What you will do:
Give back the material that follows, identical in every line.

Stored data:
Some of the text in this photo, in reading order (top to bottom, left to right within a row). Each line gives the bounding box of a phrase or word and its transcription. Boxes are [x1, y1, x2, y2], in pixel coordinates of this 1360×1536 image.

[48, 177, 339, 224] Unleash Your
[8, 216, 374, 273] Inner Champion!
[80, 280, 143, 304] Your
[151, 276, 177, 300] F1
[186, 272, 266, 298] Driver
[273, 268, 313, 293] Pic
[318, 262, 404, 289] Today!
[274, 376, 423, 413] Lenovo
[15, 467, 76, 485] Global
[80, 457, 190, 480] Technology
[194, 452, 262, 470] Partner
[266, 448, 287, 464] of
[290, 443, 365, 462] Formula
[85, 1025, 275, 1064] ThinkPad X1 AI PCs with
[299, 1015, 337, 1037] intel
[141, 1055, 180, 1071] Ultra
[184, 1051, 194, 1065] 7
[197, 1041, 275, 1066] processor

Expected answer:
Some of the text in this photo, in reading order (top to bottom, left to right within a row). Each line gives the bounding box of a phrase or word and its transcription. Boxes are [x1, y1, x2, y2], in pixel coordinates of this 1360×1536 image.

[48, 177, 339, 224] Unleash Your
[8, 216, 374, 273] Inner Champion!
[80, 280, 143, 304] Your
[151, 276, 177, 300] F1
[186, 272, 266, 298] Driver
[273, 268, 313, 293] Pic
[318, 262, 404, 289] Today!
[274, 376, 423, 413] Lenovo
[15, 467, 76, 485] Global
[80, 457, 190, 480] Technology
[194, 452, 262, 470] Partner
[266, 448, 287, 464] of
[290, 443, 365, 462] Formula
[85, 1025, 275, 1064] ThinkPad X1 AI PCs with
[299, 1015, 337, 1037] intel
[141, 1055, 180, 1071] Ultra
[184, 1051, 194, 1065] 7
[197, 1041, 275, 1066] processor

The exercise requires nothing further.